B) Cette crise traduit non seulement les excès du capitalisme financier lui-même (la « titrisation ») mais des déséquilibres économiques et géopolitiques plus profonds.

• Déséquilibres économiques : fuite en avant dans l’endettement et les déficits aux Etats-Unis ; excédents et thésaurisation en Chine, au Japon, dans les pétromonarchies, mais aussi en Allemagne dont l’excédent commercial (200 Milliards d’euros) a ceci de particulier qu’il se fait à 75% sur ses voisins de l’Union européenne.

• Déséquilibres géopolitiques aussi : la « surextension » de l’Empire américain décrite par Paul Kennedy est devenue évidente : les Etats-Unis vivent au-dessus de leurs moyens et n’ont plus les moyens de dominer seuls le monde. L’enlisement au Moyen-Orient le démontre.

C) La récession risque d’être longue car ces déséquilibres ne se corrigent pas en un jour : épargne des ménages US (moins de 1 % de leurs revenus) – mode de vie américain dispendieux et énergétivore – le rétablissement des comptes par la réindustrialisation ne peut se faire que dans la durée.

Le rétablissement des équilibres de l’économie américaine n’est guère compatible avec le libre-échangisme déséquilibré qui prévaut aujourd’hui entre des pays de niveau économique et social hétérogène. Ce retour au protectionnisme peut être limité par un plan de relance coordonnée à l’échelle mondiale où les pays excédentaires : Chine-Japon. Allemagne, donc Europe, serviraient de « locomotives ». Mais l’instauration de protections est aussi inévitable que souhaitable aux Etats-Unis et en Europe pour des raisons sociales et environnementales.

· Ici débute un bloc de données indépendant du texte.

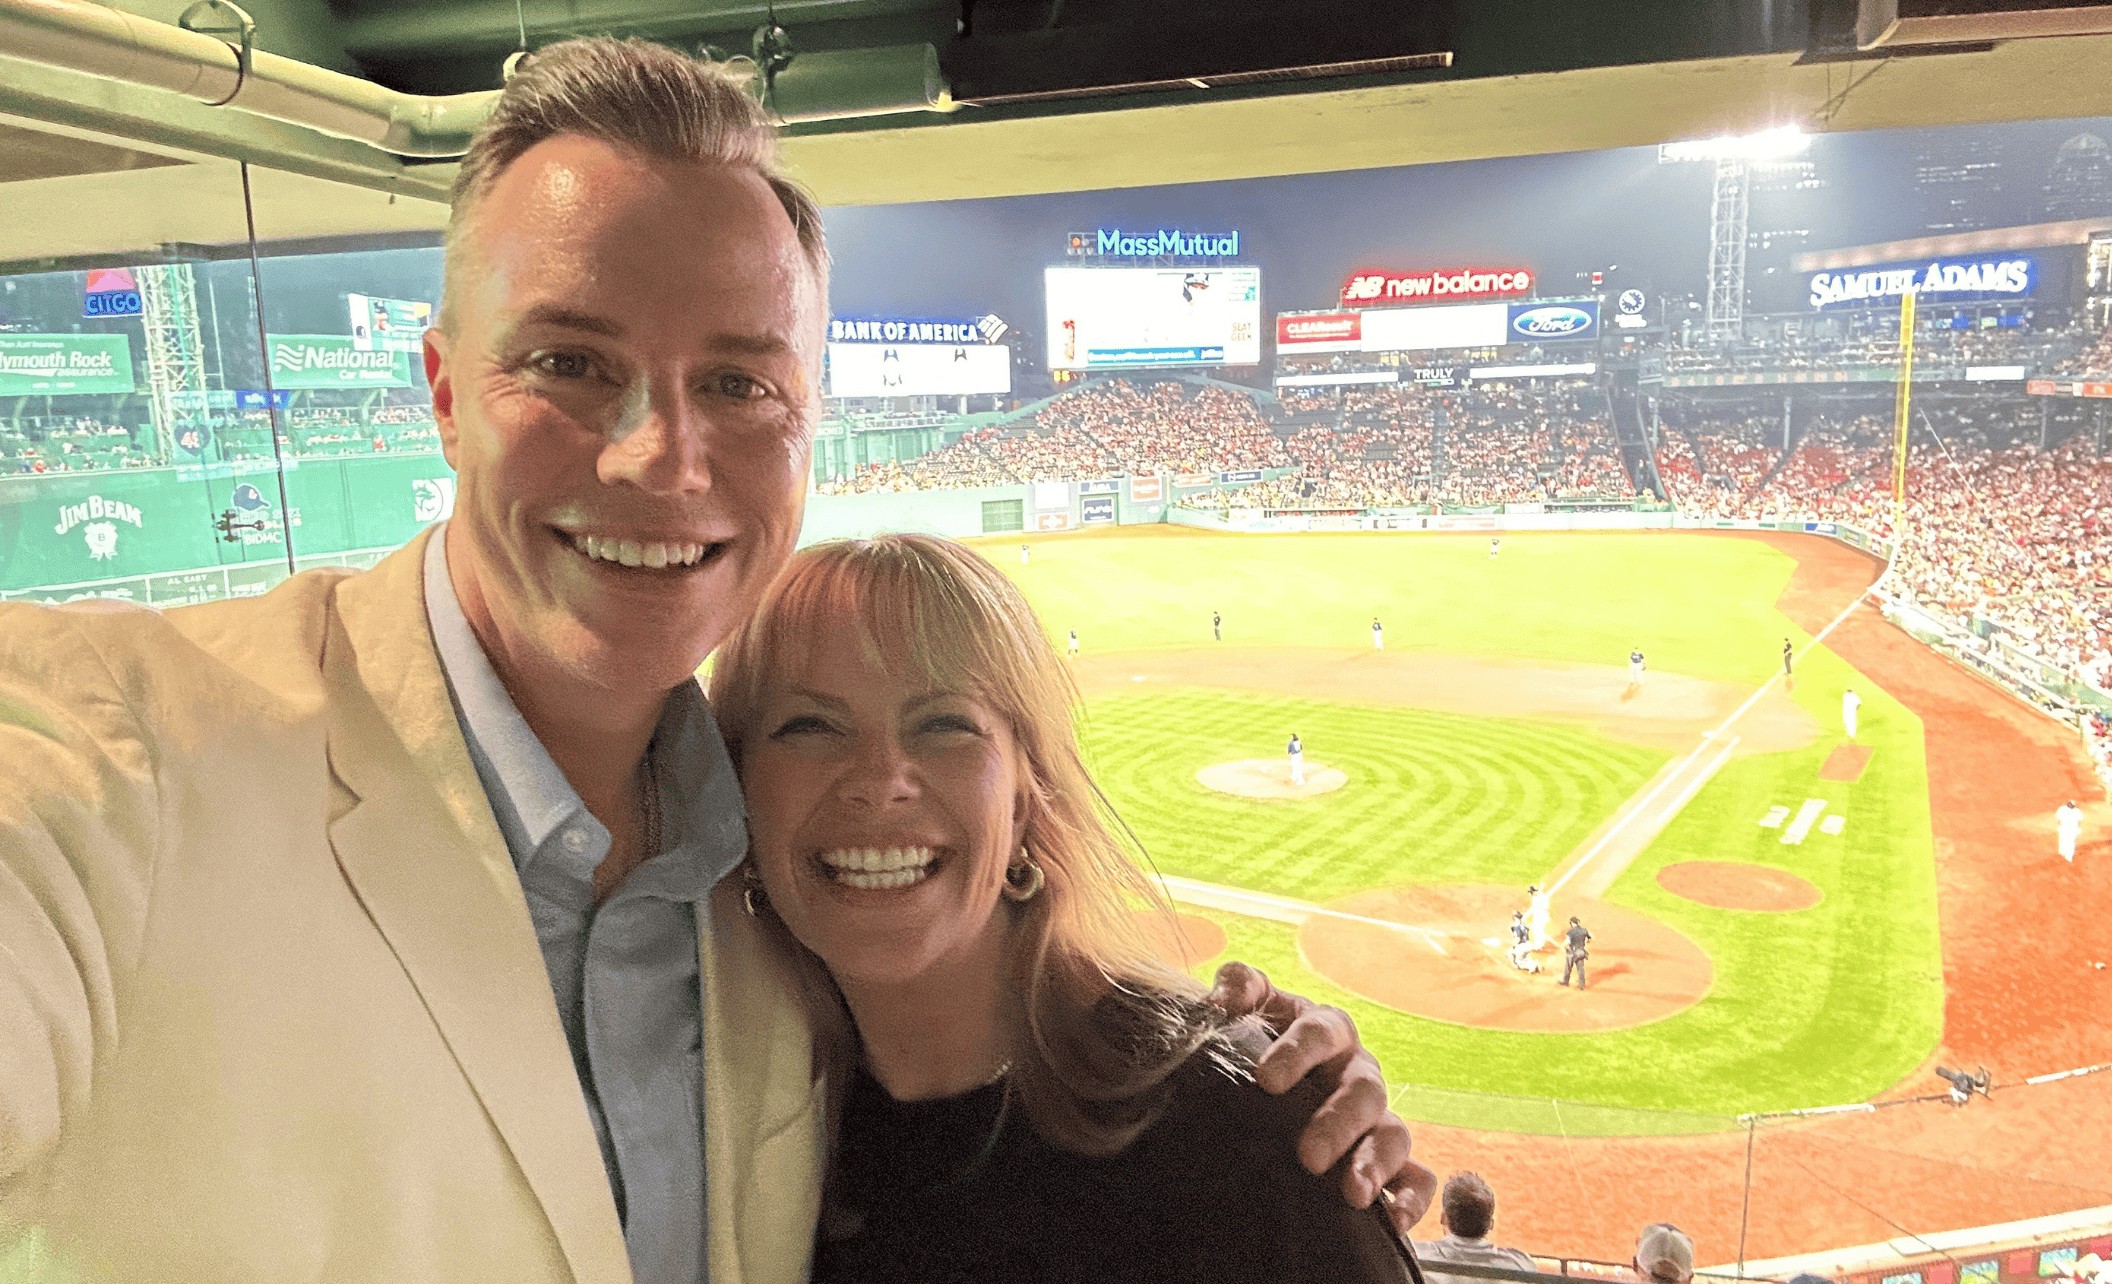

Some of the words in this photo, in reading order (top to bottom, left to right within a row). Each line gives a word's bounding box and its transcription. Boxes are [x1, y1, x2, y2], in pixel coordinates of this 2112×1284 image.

[1097, 229, 1239, 256] MassMutual
[1387, 276, 1432, 297] new
[1433, 270, 1530, 294] balance
[1810, 269, 1921, 307] SAMUEL
[1920, 260, 2029, 294] ADAMS
[87, 292, 141, 314] CITGO
[831, 320, 882, 340] BANK
[884, 321, 907, 341] OF
[908, 323, 979, 342] AMERICA
[1528, 314, 1575, 332] Ford
[0, 351, 66, 370] lymouth
[69, 351, 112, 368] Rock
[304, 346, 394, 368] National
[1413, 367, 1454, 379] TRULY
[54, 502, 89, 535] JIM
[88, 495, 143, 529] BEAM
[244, 531, 283, 545] BIDMC
[167, 578, 181, 586] AL

Quant aux pays émergents il est probable qu’ils devront privilégier davantage le développement de leur marché intérieur et la prise en compte de leurs besoins sociaux. C’est un nouveau modèle de développement qu’il faut inventer, avec notamment le souci de limiter les émissions de gaz à effet de serre.

La lucidité s’applique aussi à l’action. Sachons nous défier des chimères et garder les yeux ouverts.

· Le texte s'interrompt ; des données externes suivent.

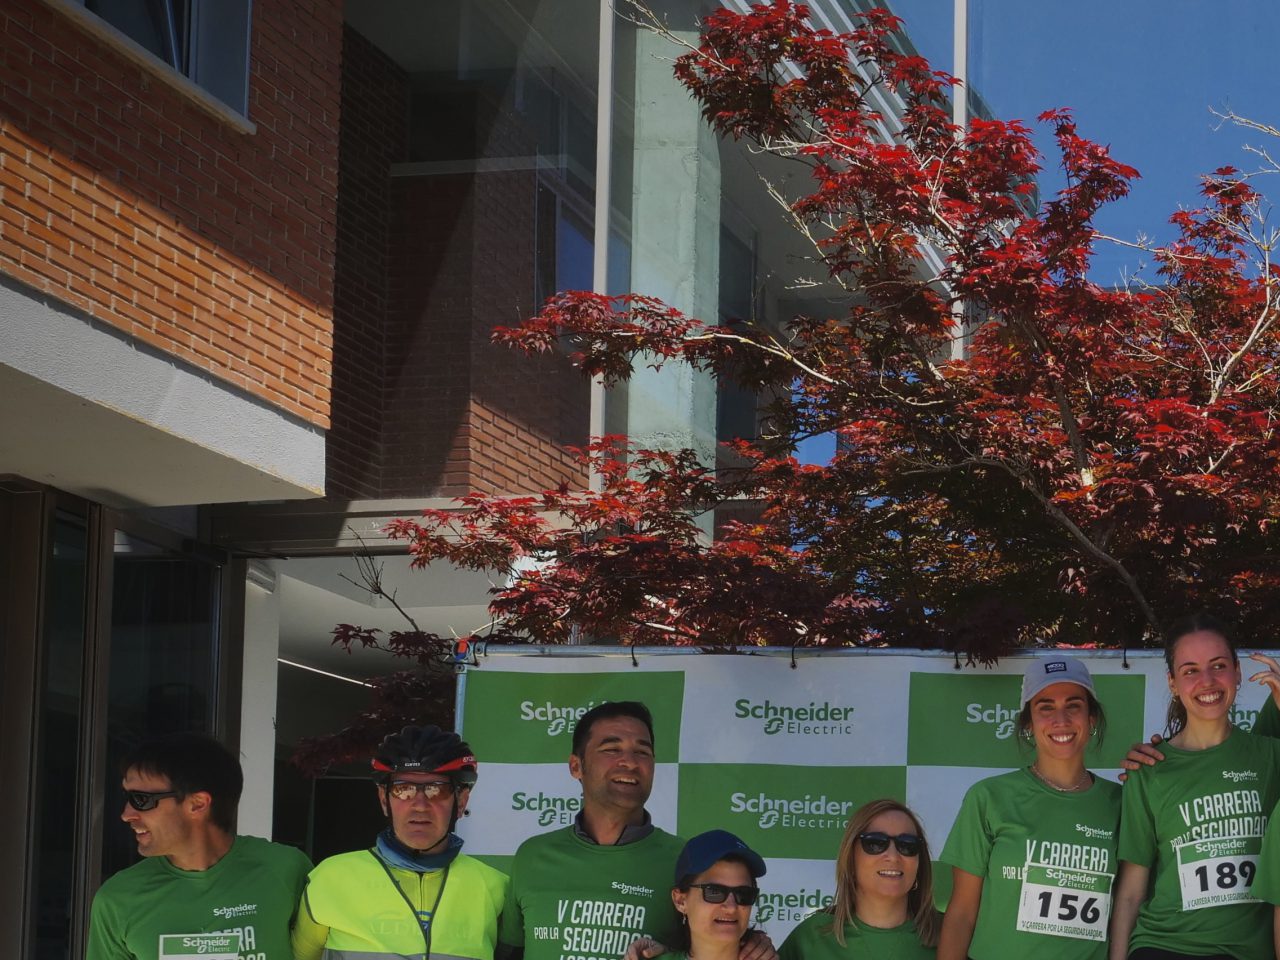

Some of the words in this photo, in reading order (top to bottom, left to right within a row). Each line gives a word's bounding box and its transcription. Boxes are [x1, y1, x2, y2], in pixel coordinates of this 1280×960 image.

[521, 701, 594, 721] Schne
[735, 699, 854, 721] Schneider
[787, 723, 852, 735] Electric
[512, 792, 583, 812] Schnei
[731, 792, 852, 815] Schneider
[1179, 802, 1191, 827] V
[1193, 790, 1262, 822] CARRERA
[782, 815, 849, 829] Electric
[1075, 823, 1112, 836] Schneider
[1195, 839, 1247, 853] Schneider
[1220, 848, 1247, 856] Electric
[1026, 839, 1037, 864] V
[1040, 841, 1109, 872] CARRERA
[1002, 866, 1016, 880] POR
[1046, 869, 1097, 884] Schneider
[1195, 861, 1256, 892] 189
[612, 881, 654, 895] Schneider
[1068, 881, 1095, 890] Electric
[213, 904, 257, 916] Schneider
[1038, 891, 1100, 924] 156
[557, 900, 569, 924] V
[571, 900, 646, 930] CARRERA
[534, 927, 548, 940] POR
[549, 927, 559, 940] LA
[183, 937, 230, 947] Schneider
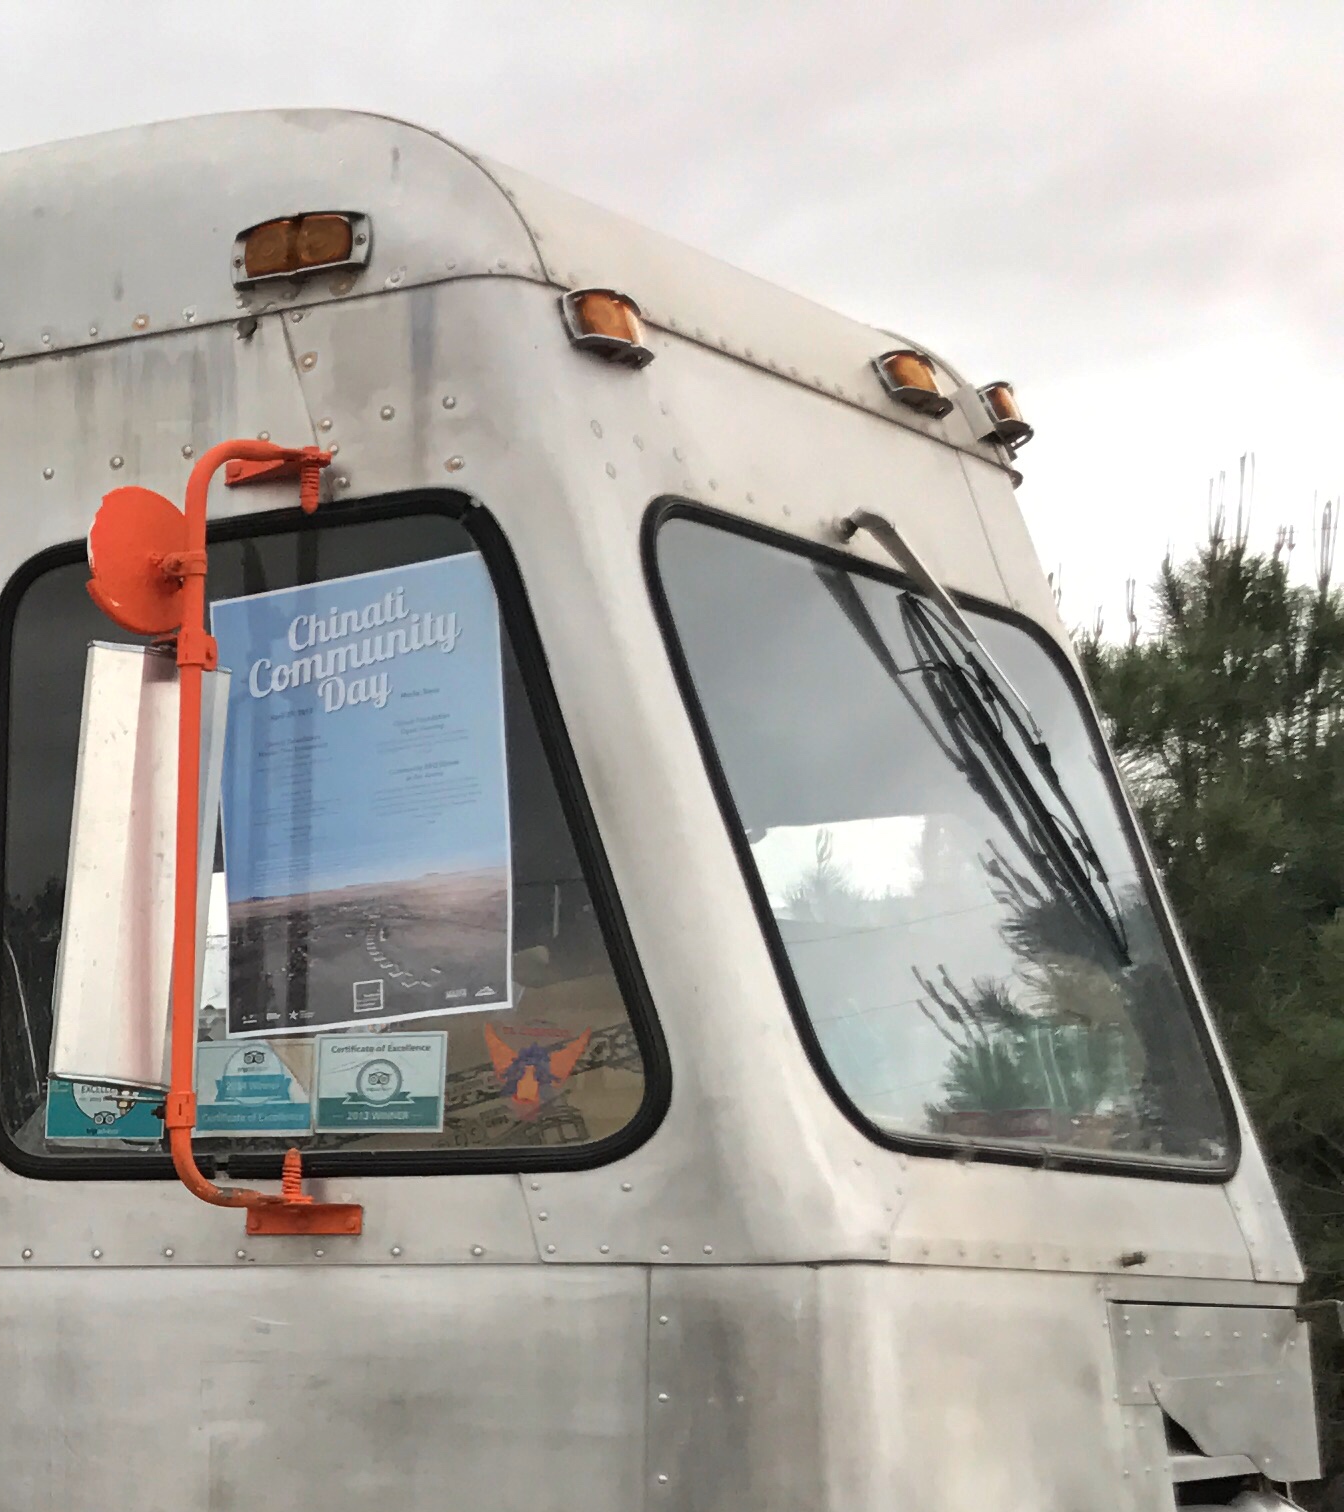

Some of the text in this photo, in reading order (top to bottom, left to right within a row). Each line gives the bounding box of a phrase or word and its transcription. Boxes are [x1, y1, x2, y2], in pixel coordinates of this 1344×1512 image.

[288, 586, 410, 651] Chinati
[248, 611, 462, 698] Community
[317, 671, 392, 713] Day
[331, 1044, 375, 1054] Certificate
[387, 1043, 432, 1053] Excellence

II – La réponse à la crise est et ne peut être qu’à la fois nationale et internationale. Elle remet en cause toutes les sacrosaintes règles du néolibéralisme.

A) La réponse est d’abord nationale.

• Les Etats-Unis ont donné le branle avec le Plan Paulson d’abord amendé par le Congrès puis par l’Administration américaine elle-même ;

• L’Europe a suivi par un enchaînement de décisions nationales progressivement coordonnées : G4, le 4 octobre, puis dans les jours suivants : Eurogroupe à quinze + Grande Bretagne ; Union européenne à 27.

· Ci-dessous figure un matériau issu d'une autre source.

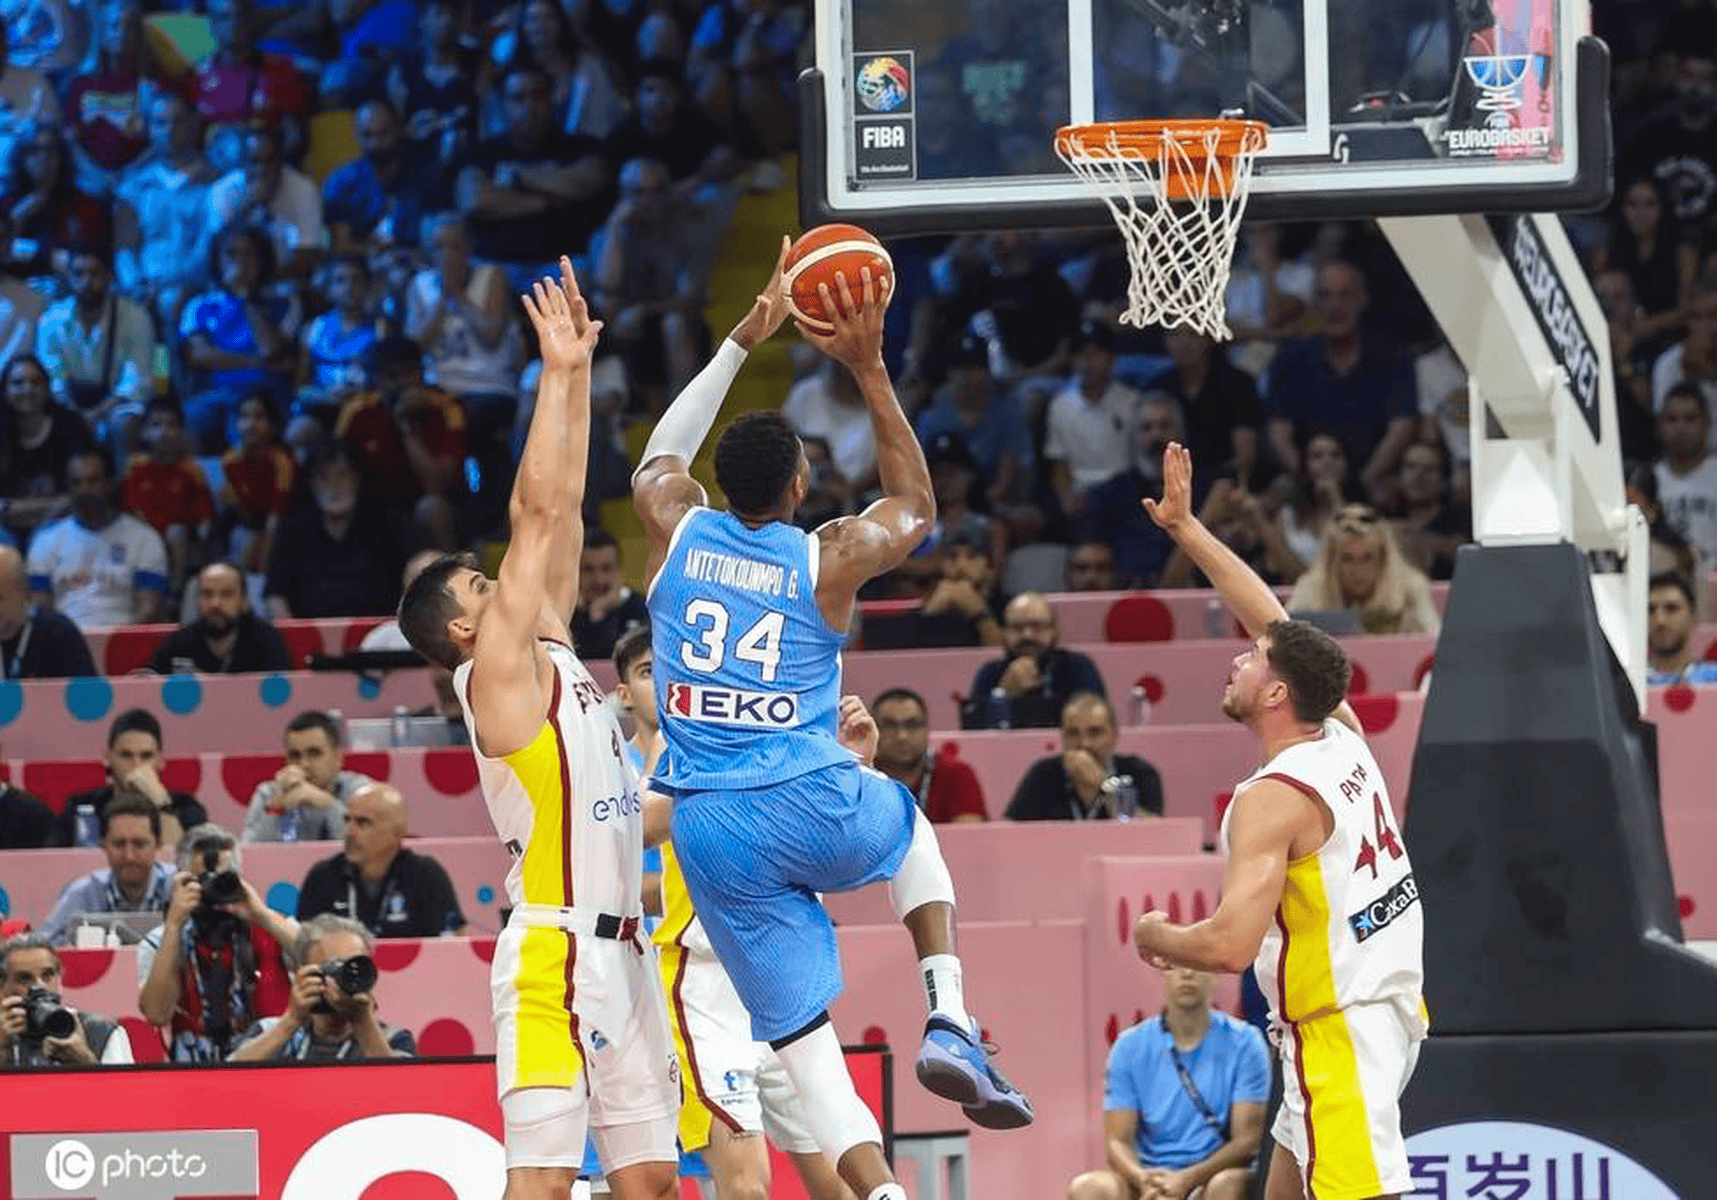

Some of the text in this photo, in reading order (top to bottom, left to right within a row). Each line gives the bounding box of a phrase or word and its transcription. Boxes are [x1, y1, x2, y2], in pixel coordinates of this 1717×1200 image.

[863, 126, 905, 148] FIBA
[1448, 126, 1552, 149] EUROBASKET
[681, 597, 786, 684] 34
[701, 690, 795, 724] EKO

C’est une Europe des cercles qui s’est mise en mouvement. Les modalités et l’ampleur de la réponse diffèrent d’un pays à l’autre pour des raisons diverses et souvent légitimes (RFA : système bancaire décentralisé).

Le fait national a ainsi éclaté en plein jour : Seuls les Etats nationaux ont la légitimité démocratique pour agir par gros temps.

Les « autorités » européennes sont condamnées à suivre ou à s’effacer : Commission – Banque Centrale européenne qui a dû baisser ses taux, contrairement à la volonté de M. Trichet exprimée quelques jours auparavant.

La désuétude des règles européennes inscrites dans les traités est justifiée au nom de « circonstances exceptionnelles » (Jouyet, 3 octobre, interview aux Echos) :

• Principe de la concurrence libre et non faussée (le principe que rappelait encore le protocole n° 6 du traité de Lisbonne) ;

• Prohibition des aides d’Etat.

Les critères de Maastricht en matière de dette et de déficit sont « explosés ». Bref, « nécessité fait loi ».

Une contradiction majeure apparaît ainsi entre le texte et la philosophie des traités telle que la Commission les interprétait et la nécessité urgente de l’intervention des Etats. Les idéologues du libéralisme et les dirigeants patronaux se dressent contre les remises en cause qu’ils observent ou plus encore, devinent à l’horizon.

B) Les décisions nationales doivent être et ont été jusqu’ici internationalement coordonnées.

Un nouveau Bretton Woods ?

Il est difficile de revenir à des parités stables sans corriger les déséquilibres économiques de fond.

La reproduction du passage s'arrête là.